The pieces in Pushkin are a composite of French painting's history as collected by the inspired and merely acquisitive aristocrats of Russian history from Catherine the Great to the brother merchants Morozov. The trip through the gallery can make one as woozy and disoriented as that long tracking shot through the Hermitage Museum in Soviet filmmaker Aleksandr Sokurov's Russian Ark. The show is a fascinating glimpse at imperial Russia's obsession with the self-affirming possibilities of a distant high culture, which has a lot of relevance for Atlanta.
There are some wonderful juxtapositions in Pushkin. On one hand are works of such confectionary yumminess they tip the sensory scales with their creamy abundance. In images like Francois Boucher's "Jupiter and Callisto," milky maidens blushing pink at nipple, lips and cheek and marshmallow cherubs with the daintiest of genitalia revel in fleshy splendor. Works by Jean-Francois de Troy, Jean-Baptiste Regnault and Poussin survey a world of myth, spirituality and legend, where biblical lore and Greek myth hold sway. From images of cherubs stringing garlands of flowers like cake frosting in 17th- and 18th-century works, the mood shifts shockingly to a face-down drunkard, soused not on Bacchus' nectar but on poverty and cheap booze in Edouard Manet's 1882-83 "The Bar." Idyllic scenes give way to a social realism most dramatically illustrated in a startling 1890 Van Gogh, "The Prison Courtyard."

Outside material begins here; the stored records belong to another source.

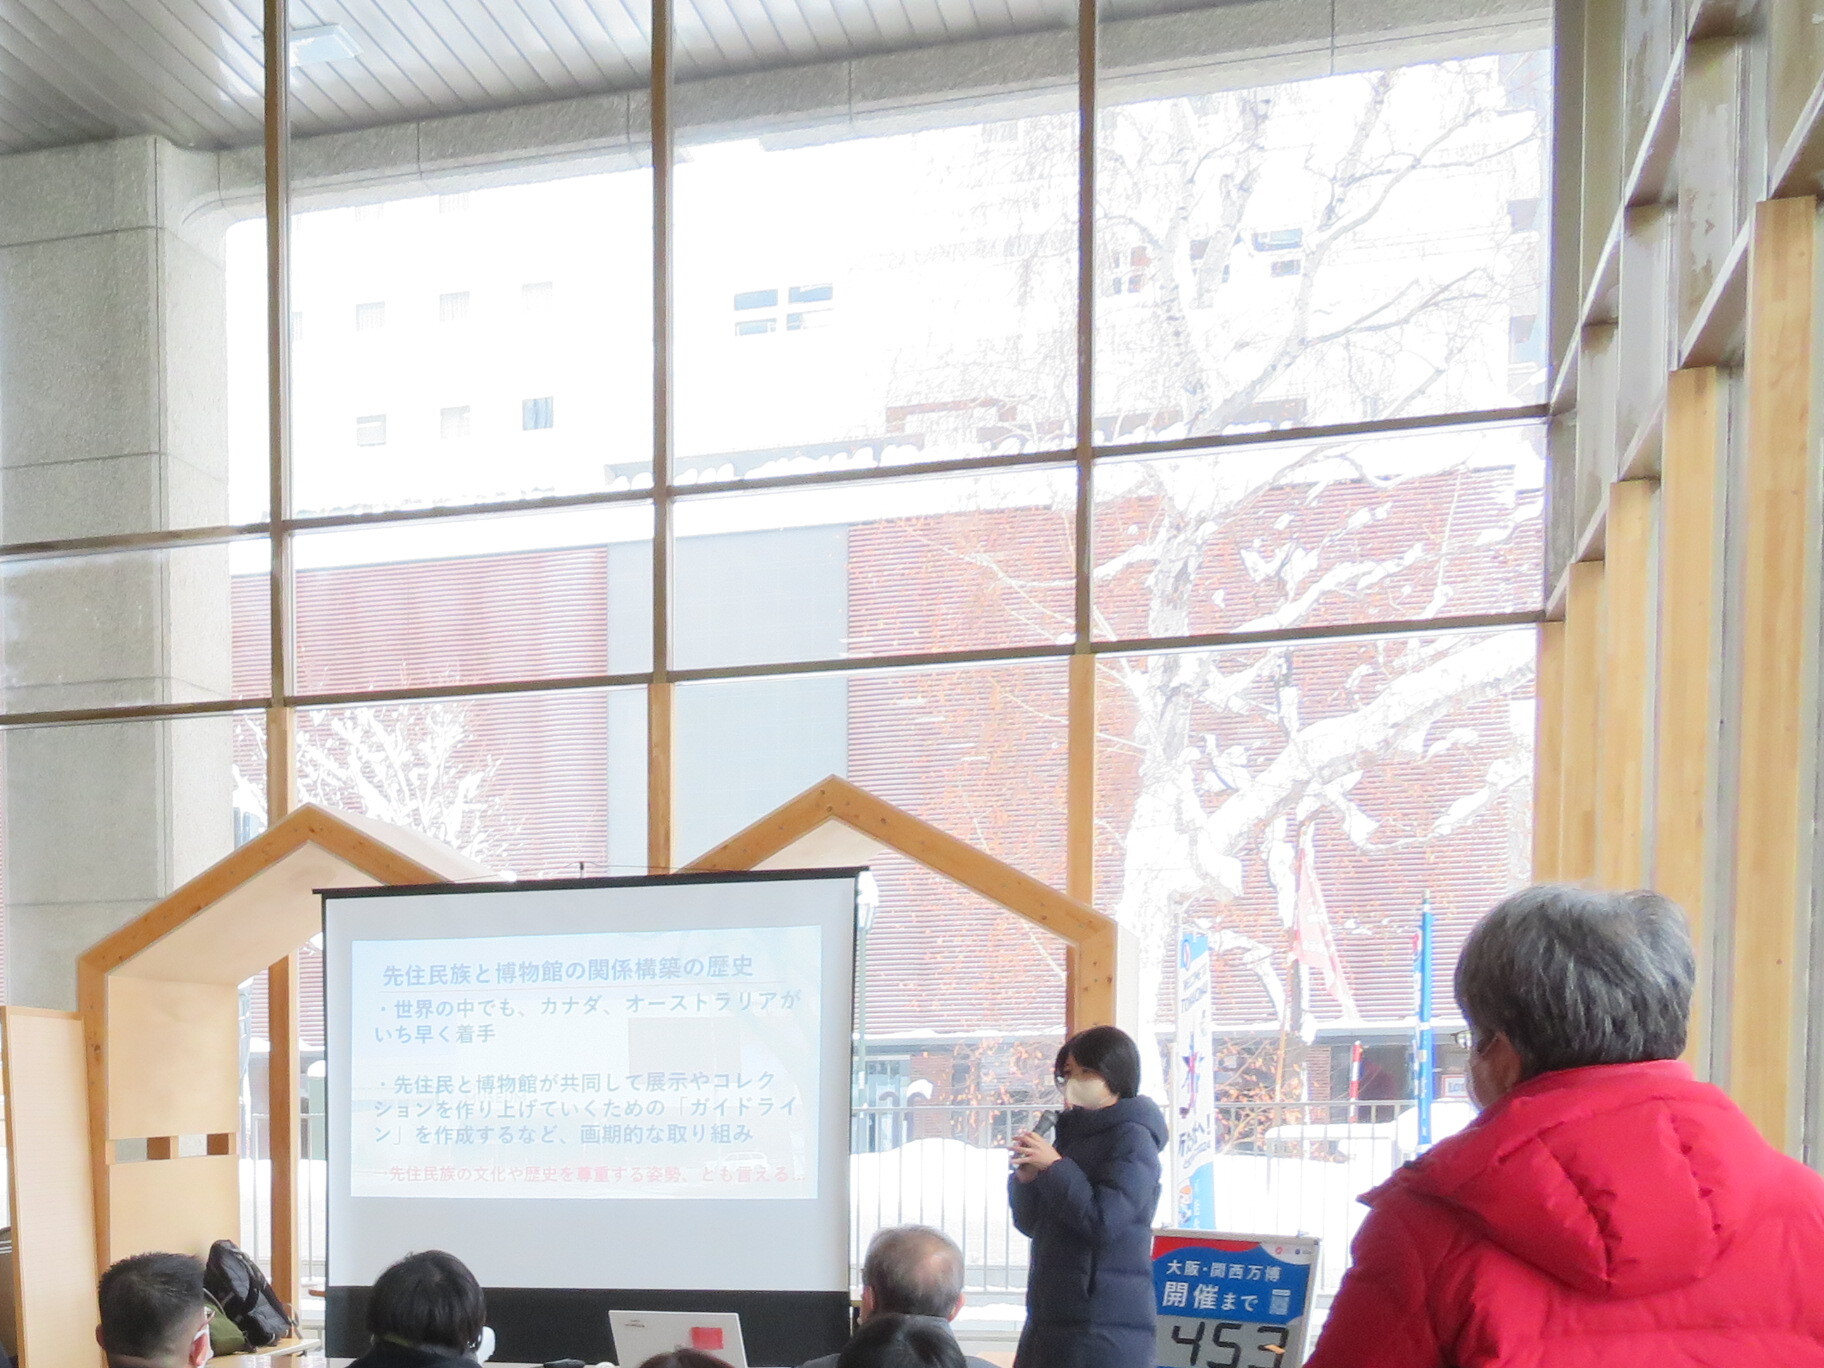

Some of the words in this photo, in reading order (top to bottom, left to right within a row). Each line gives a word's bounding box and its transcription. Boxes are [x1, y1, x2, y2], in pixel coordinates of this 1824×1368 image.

[382, 953, 754, 987] 先住民族と博物館の関係構築の歴史
[374, 1023, 497, 1045] いち早く着手
[373, 1096, 798, 1119] ションを作り上げていくための「ガイドライ
[374, 1123, 754, 1146] ン」を作成するなど、画期的な取り組み
[1165, 1259, 1282, 1282] 大阪・関西万博
[1162, 1281, 1259, 1312] 開催まで

So immediate and disturbing in its depiction of human misery it nearly takes your breath away, the work inspired audible gasps and excitement in viewers. A collection of wan, dejected asylum patients form a listless circle in a walled-in courtyard, going through the paces of life. Van Gogh creates a world of consuming claustrophobia and despair reinforced by steady grays and browns and a scenario as shocking as the modern depravities of Sue Coe. It is works like this that promise welcome surprises despite a sensation in Pushkin of being led down a familiar path.